For starters, I would assume that most people's daily rotating keys could easily be fingerprinted based on identifiable patterns of movement that could be picked up by any number of municipal devices people come into contact with throughout the day.
In order for contact tracing to work as advertised, each person's device has to keep a log of daily ids that they contacted that has a TTL of at least a few weeks. That means that whenever a law breaker gets arrested, law enforcement would be able to confiscate their device and be able to construct a list of everyone that they've been in contact with in the last few weeks.
The Daily Tracing Key cannot be "easily fingerprinted" since it does not leave the device (see page 5). Your LE threat model seems like grasping at straws, the majority of users already have location services enabled anyway, people breaking the law would have to change exactly nothing from the common practice of not bringing your phone when committing crimes.
I miss-spoke. I meant to say the rolling proximity identifier could be tracked and fingerprinted.

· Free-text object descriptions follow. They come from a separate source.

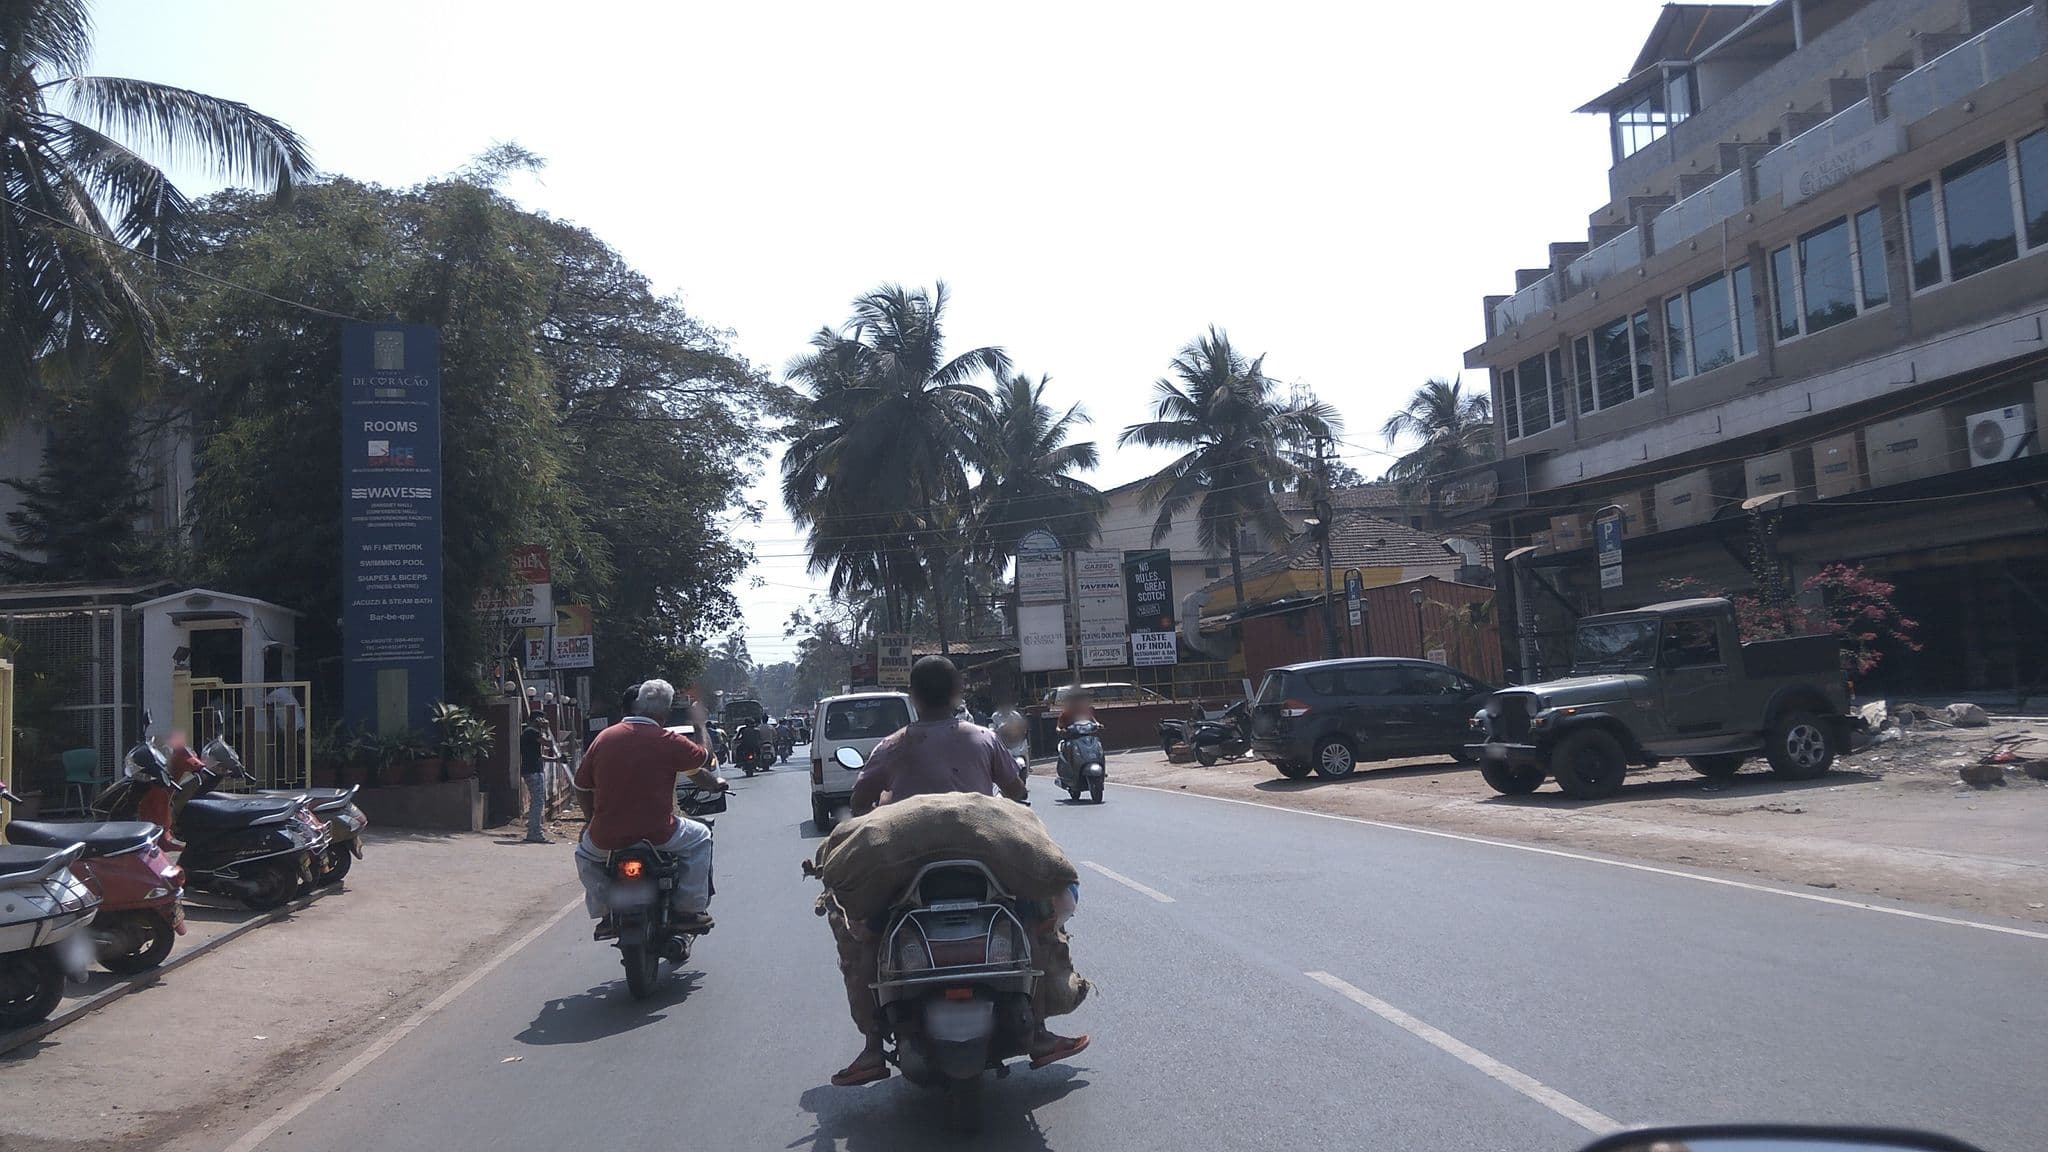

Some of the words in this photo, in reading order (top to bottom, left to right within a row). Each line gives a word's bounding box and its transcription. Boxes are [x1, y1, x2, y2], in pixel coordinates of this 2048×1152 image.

[363, 421, 418, 432] ROOMS
[367, 487, 416, 498] WAVES
[1604, 523, 1613, 540] P
[1139, 562, 1149, 572] NO
[1144, 581, 1166, 592] GREAT
[1350, 580, 1356, 592] P
[1137, 591, 1165, 602] SCOTCH
[369, 613, 415, 623] Bar-be-que
[1141, 633, 1167, 642] TASTE
[1136, 642, 1147, 650] OF
[1149, 641, 1172, 650] INDIA
[881, 657, 908, 666] INDIA
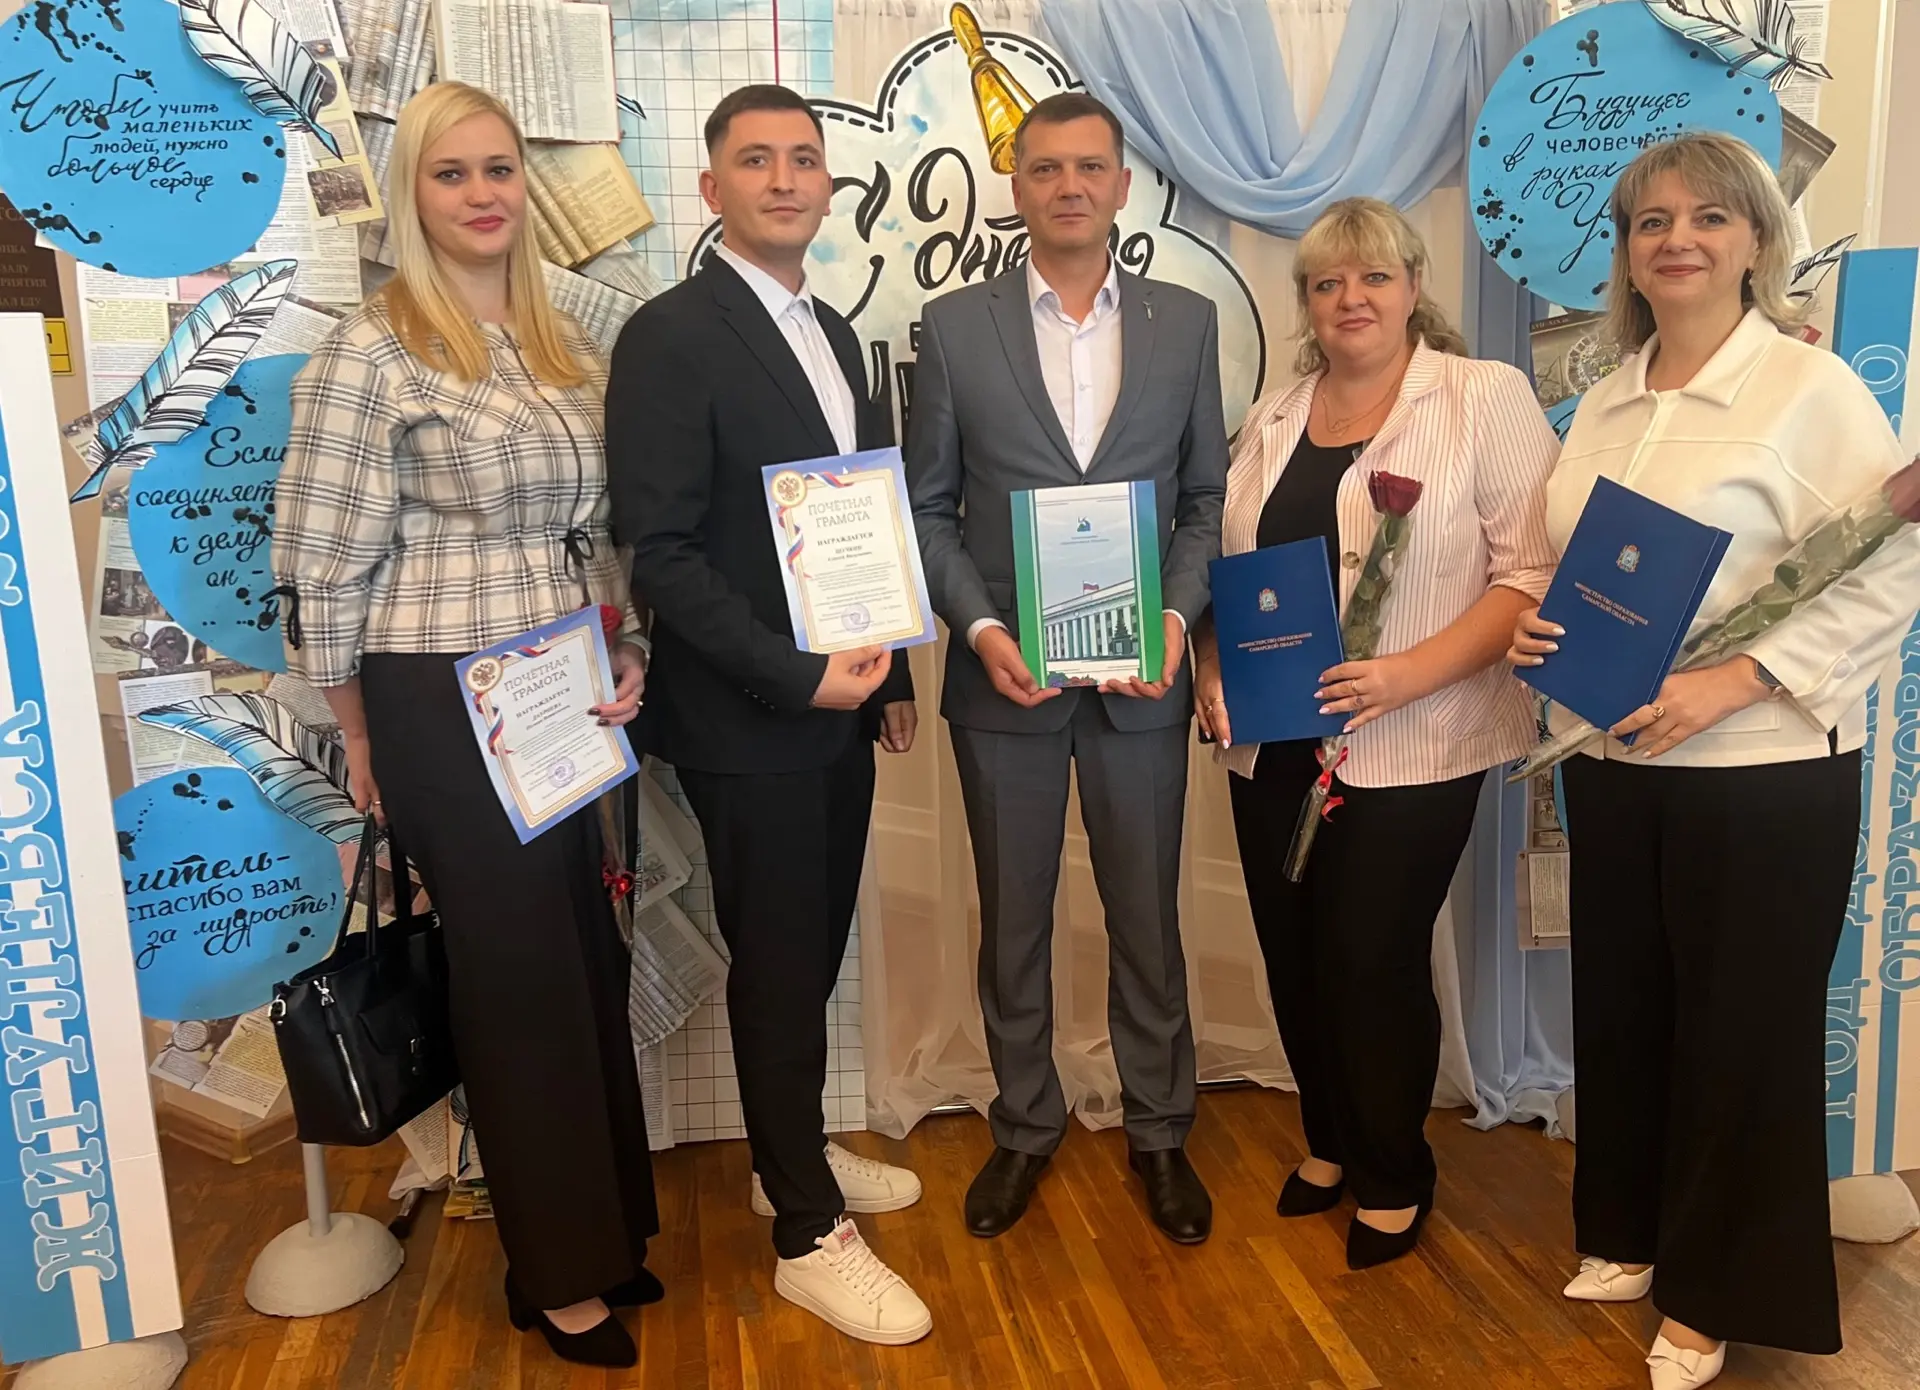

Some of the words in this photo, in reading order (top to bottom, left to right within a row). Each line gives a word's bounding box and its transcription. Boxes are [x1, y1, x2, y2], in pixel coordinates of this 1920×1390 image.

[158, 103, 220, 118] учить
[1530, 70, 1691, 131] Будущее
[121, 118, 253, 134] маленьких
[47, 132, 186, 184] большое
[90, 137, 160, 155] людей,
[165, 139, 229, 156] нужно
[1503, 133, 1534, 173] в
[150, 172, 215, 203] сердце
[1521, 160, 1631, 200] руках
[204, 426, 287, 468] Если
[136, 477, 276, 519] соединяет
[816, 511, 871, 528] ГРАМОТА
[169, 535, 189, 554] к
[193, 529, 267, 565] делу
[817, 531, 874, 547] НАГРАЖДАЕТСЯ
[206, 569, 239, 588] он
[512, 669, 568, 701] ГРАМОТА
[516, 687, 571, 718] НАГРАЖДАЕТСЯ
[252, 876, 303, 900] вам
[136, 927, 178, 970] за
[193, 892, 338, 957] мудрость!
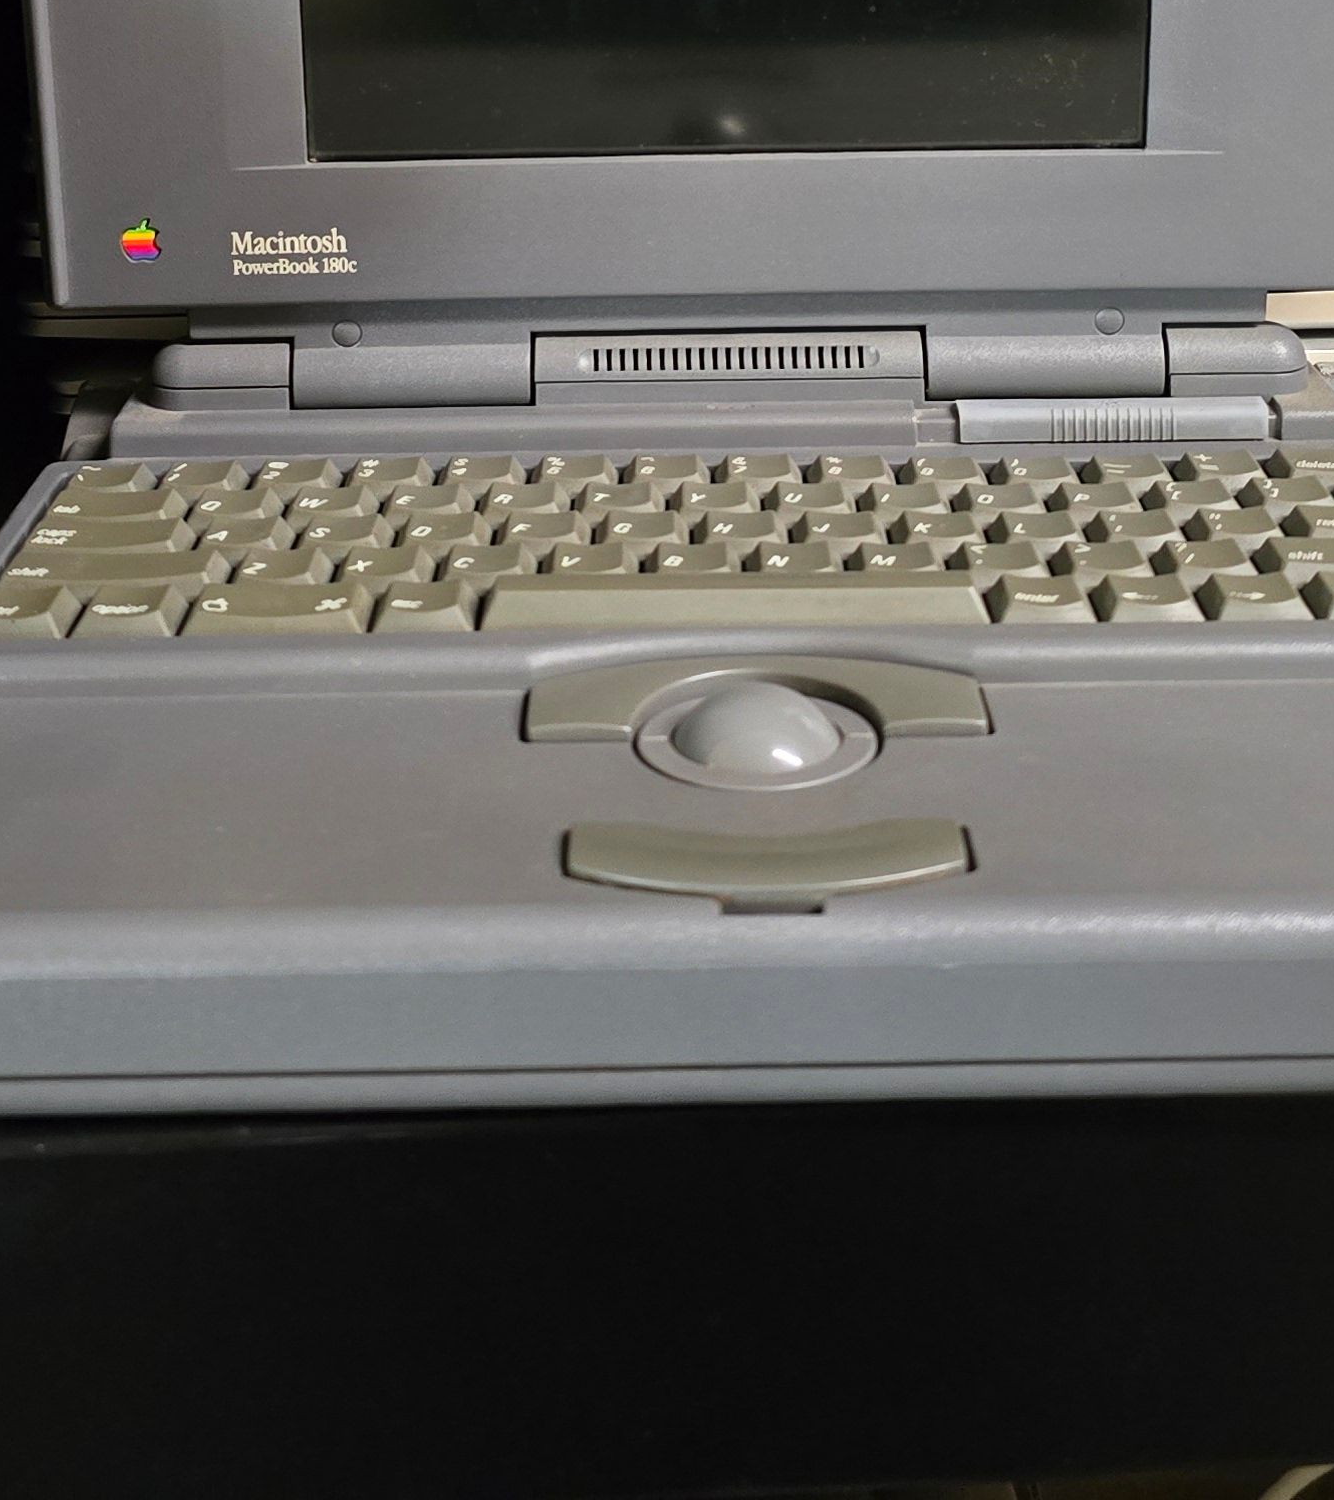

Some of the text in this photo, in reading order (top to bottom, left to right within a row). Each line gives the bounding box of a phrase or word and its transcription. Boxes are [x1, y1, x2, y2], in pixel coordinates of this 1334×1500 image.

Furthermore, it's not the same as a phone's location implicating you in a crime. It's a persistent log of your in-person social network that can be reverse engineered every time you get arrested or go through customs at the airport.
The rolling proximity identifier is short-lived and put through a non reversible cryptographic hash function to prevent exactly that, same page. You're not going through airports in a pandemic, after which you can uninstall whatever app you're using in this crisis.